[Annotated photo localization data]
——
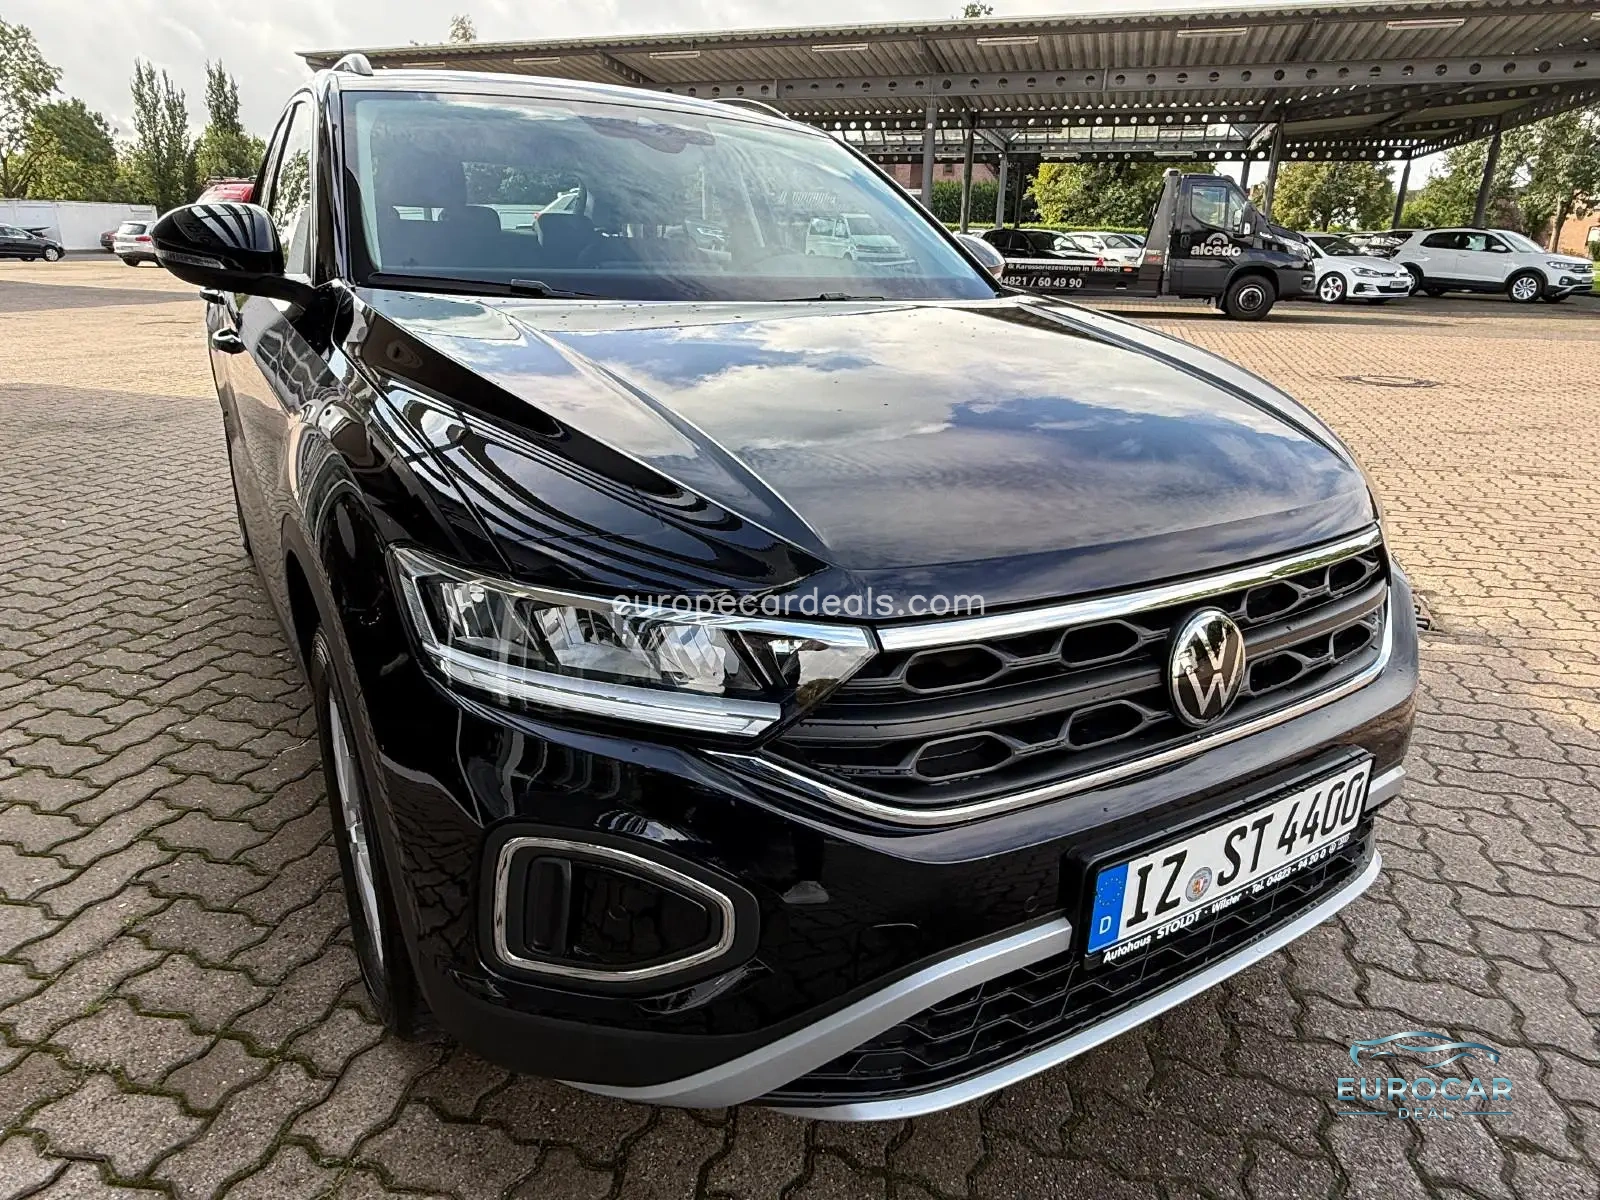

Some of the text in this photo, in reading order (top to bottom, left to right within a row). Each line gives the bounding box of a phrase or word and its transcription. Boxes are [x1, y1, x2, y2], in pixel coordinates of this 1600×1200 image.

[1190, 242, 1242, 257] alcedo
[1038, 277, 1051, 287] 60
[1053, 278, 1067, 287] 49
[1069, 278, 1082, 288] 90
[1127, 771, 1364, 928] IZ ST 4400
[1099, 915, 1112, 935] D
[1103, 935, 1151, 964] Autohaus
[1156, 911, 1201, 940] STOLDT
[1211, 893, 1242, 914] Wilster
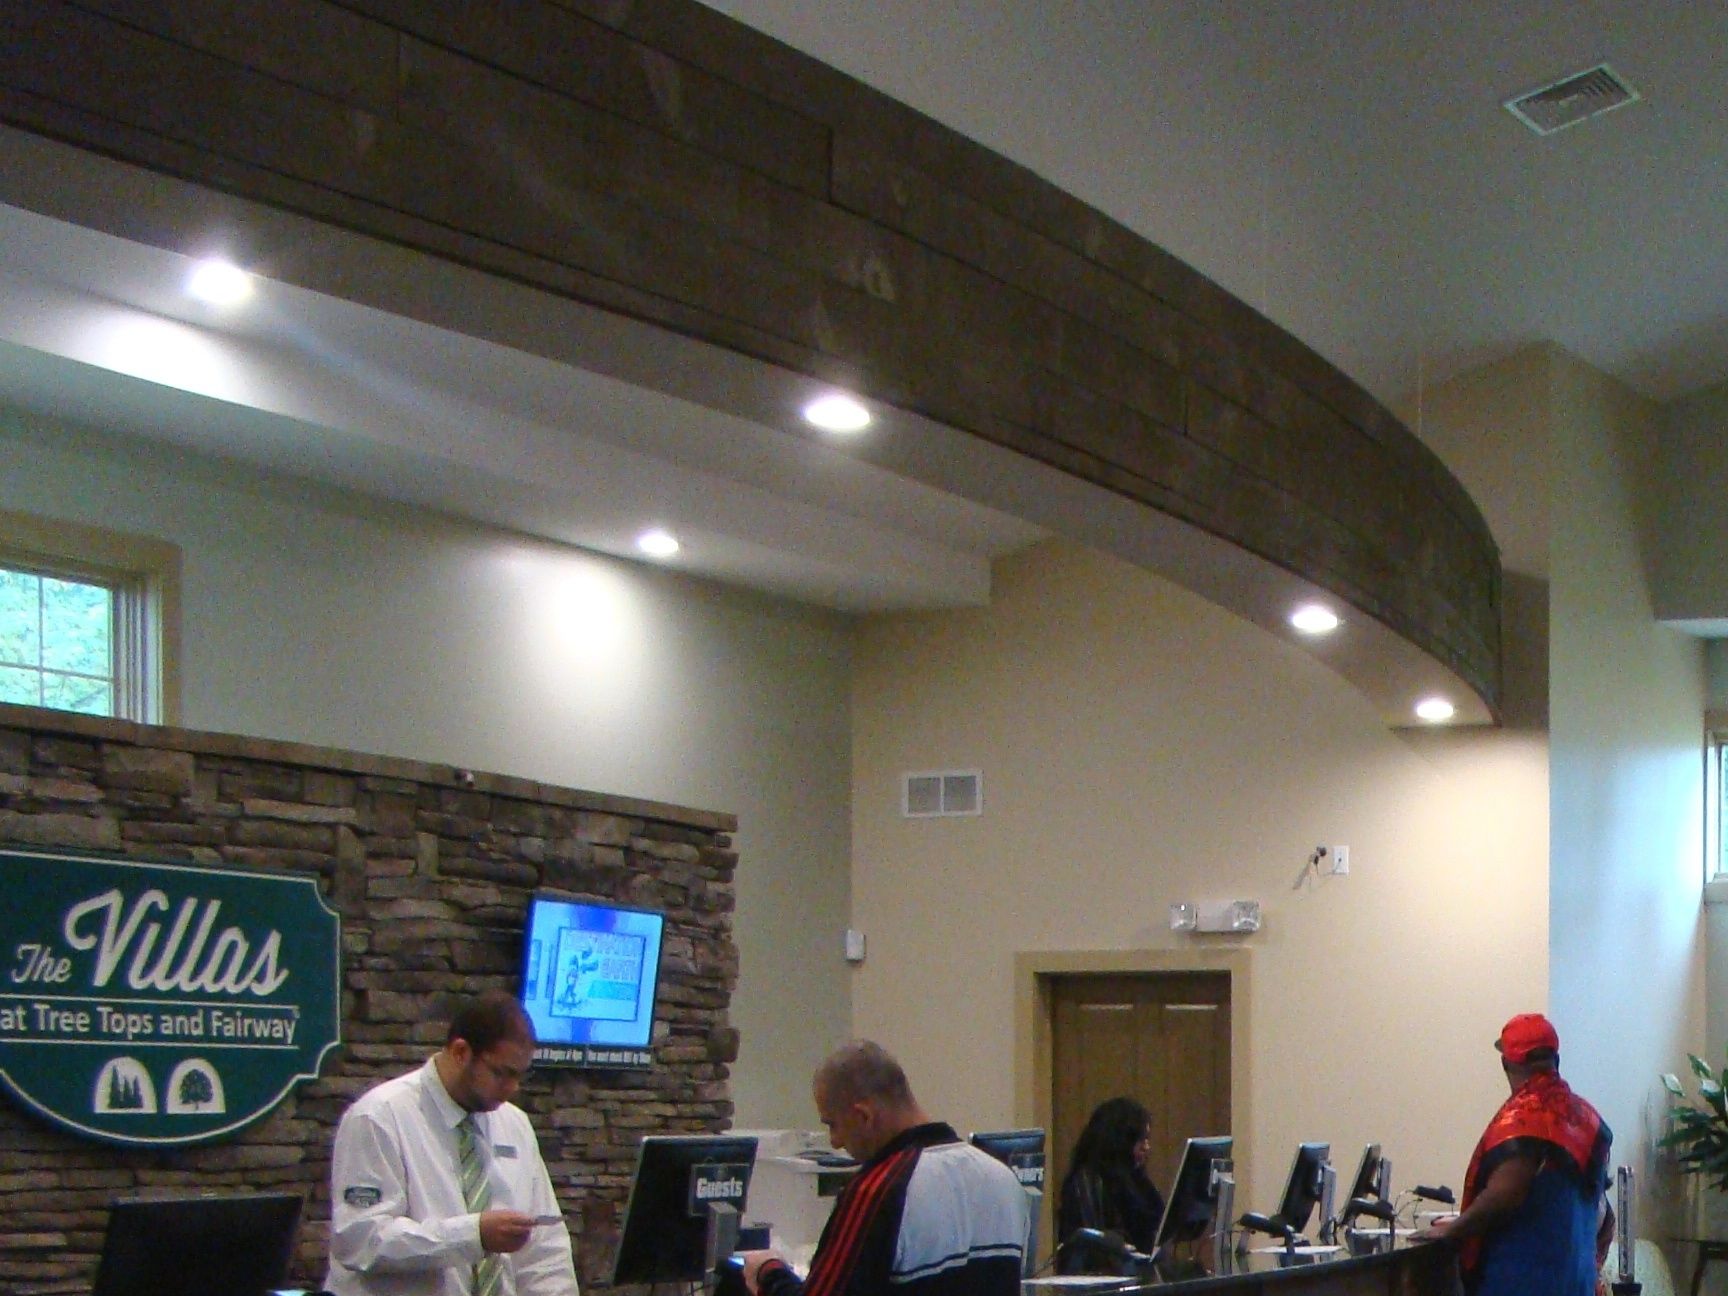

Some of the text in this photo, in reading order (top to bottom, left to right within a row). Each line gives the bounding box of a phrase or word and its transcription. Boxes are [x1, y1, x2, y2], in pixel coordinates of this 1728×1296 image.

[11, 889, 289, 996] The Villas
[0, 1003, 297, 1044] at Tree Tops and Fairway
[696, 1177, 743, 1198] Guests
——
Could you set down every entry again exactly as written, leaving out any pictures?

◆ Written response
Some of the text in this photo, in reading order (top to bottom, left to right within a row). Each line gives the bounding box of a phrase or word and its transcription. Boxes are [x1, y1, x2, y2], in pixel coordinates of this 1600×1200 image.

[1190, 242, 1242, 257] alcedo
[1038, 277, 1051, 287] 60
[1053, 278, 1067, 287] 49
[1069, 278, 1082, 288] 90
[1127, 771, 1364, 928] IZ ST 4400
[1099, 915, 1112, 935] D
[1103, 935, 1151, 964] Autohaus
[1156, 911, 1201, 940] STOLDT
[1211, 893, 1242, 914] Wilster

Some of the text in this photo, in reading order (top to bottom, left to right within a row). Each line gives the bounding box of a phrase or word and its transcription. Boxes are [x1, y1, x2, y2], in pixel coordinates of this 1728×1296 image.

[11, 889, 289, 996] The Villas
[0, 1003, 297, 1044] at Tree Tops and Fairway
[696, 1177, 743, 1198] Guests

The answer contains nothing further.